(Beginning of Given records)
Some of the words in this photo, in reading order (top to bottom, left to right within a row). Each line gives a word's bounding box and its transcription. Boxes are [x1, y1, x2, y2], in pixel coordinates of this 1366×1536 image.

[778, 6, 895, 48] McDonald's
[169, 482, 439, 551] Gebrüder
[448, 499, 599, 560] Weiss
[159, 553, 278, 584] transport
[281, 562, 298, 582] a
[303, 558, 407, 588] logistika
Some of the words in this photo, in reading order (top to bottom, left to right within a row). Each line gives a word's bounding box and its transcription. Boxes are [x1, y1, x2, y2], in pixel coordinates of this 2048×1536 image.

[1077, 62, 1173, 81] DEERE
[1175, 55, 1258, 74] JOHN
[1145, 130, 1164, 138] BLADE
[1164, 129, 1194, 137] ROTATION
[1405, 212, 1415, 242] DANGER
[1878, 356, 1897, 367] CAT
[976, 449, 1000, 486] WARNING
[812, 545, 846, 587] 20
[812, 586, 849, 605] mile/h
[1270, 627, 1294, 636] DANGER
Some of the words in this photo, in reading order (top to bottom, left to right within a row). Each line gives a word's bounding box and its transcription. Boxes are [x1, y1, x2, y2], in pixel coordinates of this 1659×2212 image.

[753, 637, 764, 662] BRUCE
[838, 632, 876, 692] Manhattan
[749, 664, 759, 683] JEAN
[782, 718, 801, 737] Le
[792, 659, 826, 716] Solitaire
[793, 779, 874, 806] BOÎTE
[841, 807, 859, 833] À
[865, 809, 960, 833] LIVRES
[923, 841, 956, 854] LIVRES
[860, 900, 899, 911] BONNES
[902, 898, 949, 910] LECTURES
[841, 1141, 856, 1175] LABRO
(End of Given records)
Retype all of the data word for word.

Response to the exercise -
Some of the words in this photo, in reading order (top to bottom, left to right within a row). Each line gives a word's bounding box and its transcription. Boxes are [x1, y1, x2, y2], in pixel coordinates of this 1366×1536 image.

[778, 6, 895, 48] McDonald's
[169, 482, 439, 551] Gebrüder
[448, 499, 599, 560] Weiss
[159, 553, 278, 584] transport
[281, 562, 298, 582] a
[303, 558, 407, 588] logistika
Some of the words in this photo, in reading order (top to bottom, left to right within a row). Each line gives a word's bounding box and its transcription. Boxes are [x1, y1, x2, y2], in pixel coordinates of this 2048×1536 image.

[1077, 62, 1173, 81] DEERE
[1175, 55, 1258, 74] JOHN
[1145, 130, 1164, 138] BLADE
[1164, 129, 1194, 137] ROTATION
[1405, 212, 1415, 242] DANGER
[1878, 356, 1897, 367] CAT
[976, 449, 1000, 486] WARNING
[812, 545, 846, 587] 20
[812, 586, 849, 605] mile/h
[1270, 627, 1294, 636] DANGER
Some of the words in this photo, in reading order (top to bottom, left to right within a row). Each line gives a word's bounding box and its transcription. Boxes are [x1, y1, x2, y2], in pixel coordinates of this 1659×2212 image.

[753, 637, 764, 662] BRUCE
[838, 632, 876, 692] Manhattan
[749, 664, 759, 683] JEAN
[782, 718, 801, 737] Le
[792, 659, 826, 716] Solitaire
[793, 779, 874, 806] BOÎTE
[841, 807, 859, 833] À
[865, 809, 960, 833] LIVRES
[923, 841, 956, 854] LIVRES
[860, 900, 899, 911] BONNES
[902, 898, 949, 910] LECTURES
[841, 1141, 856, 1175] LABRO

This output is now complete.